Fluorescence microscopy images

Citation

Available Winter 2024

Dataset Card Authors

Chan Zuckerberg Initiative

Dataset Card Contact

virtualcellmodels@chanzuckerberg.com

Uses

Primary Use Cases

  • Evaluate performance and extensibility of SubCell models
  • Train or evaluate other machine learning models

Out-of-Scope or Unauthorized Use Cases

Do not use the dataset for the following purposes:

Dataset Structure

Under s3://czi-subcell-public/opencell-processed/ there are three items:

  • The intermediate folder (18.6 GB) contains single-cell crops from the z-projected images from OpenCell.
  • The resized folder (101.5 GB) contains single-cell crops resized to match the pixel size of SubCell training data from the HPA.
  • Opencell.metadata.formatted.csv (21.5 MB) contains metadata.
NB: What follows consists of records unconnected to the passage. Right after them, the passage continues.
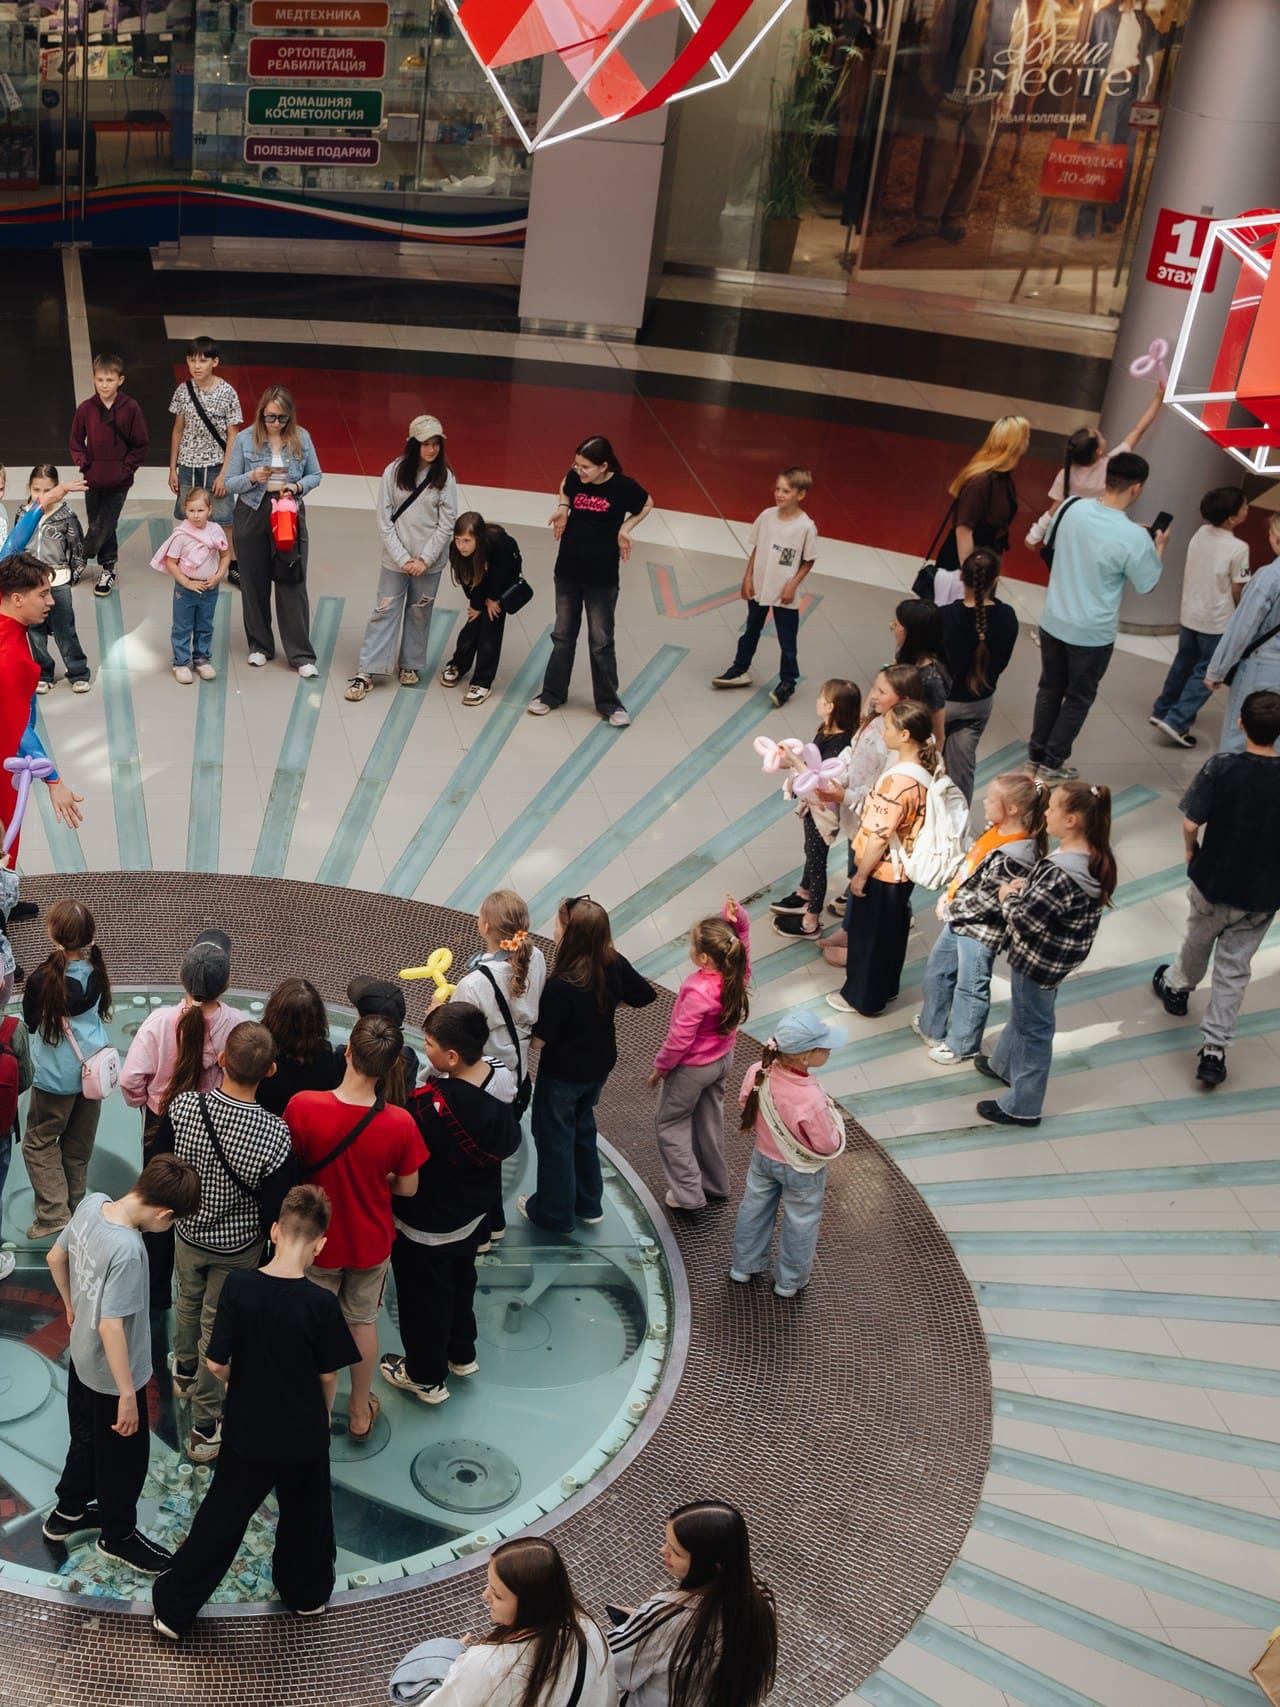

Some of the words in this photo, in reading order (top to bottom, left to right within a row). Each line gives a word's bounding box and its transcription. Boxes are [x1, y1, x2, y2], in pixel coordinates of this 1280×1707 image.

[275, 9, 361, 22] МЕДТЕХНИКА
[993, 19, 1111, 65] Весна
[278, 47, 357, 59] ОРТОПЕДИЯ,
[267, 59, 367, 73] РЕАБИЛИТАЦИЯ
[277, 96, 352, 108] ДОМАШНЯЯ
[265, 108, 365, 120] КОСМЕТОЛОГИЯ
[991, 114, 1025, 124] НОВАЯ
[1027, 112, 1089, 124] КОЛЛЕКЦИЯ
[254, 145, 315, 157] ПОЛЕЗНЫЕ
[316, 146, 371, 159] ПОДАРКИ
[1048, 152, 1124, 169] РАСПРОДАЖА
[1057, 170, 1078, 185] ДО
[1164, 219, 1201, 270] 1
Personal and Sensitive Information

No personal and sensitive information is included.

Dataset Creation

Curation Rationale

This dataset was generated to evaluate the performance and extensibility of SubCell models, which expects a certain input format and pixel size.

Source data

  • OpenCell Dataset

Who are the source data producers?

The Leonetti Lab (Chan Zuckerberg Biohub) and the Mann Lab (Max Plank Institute)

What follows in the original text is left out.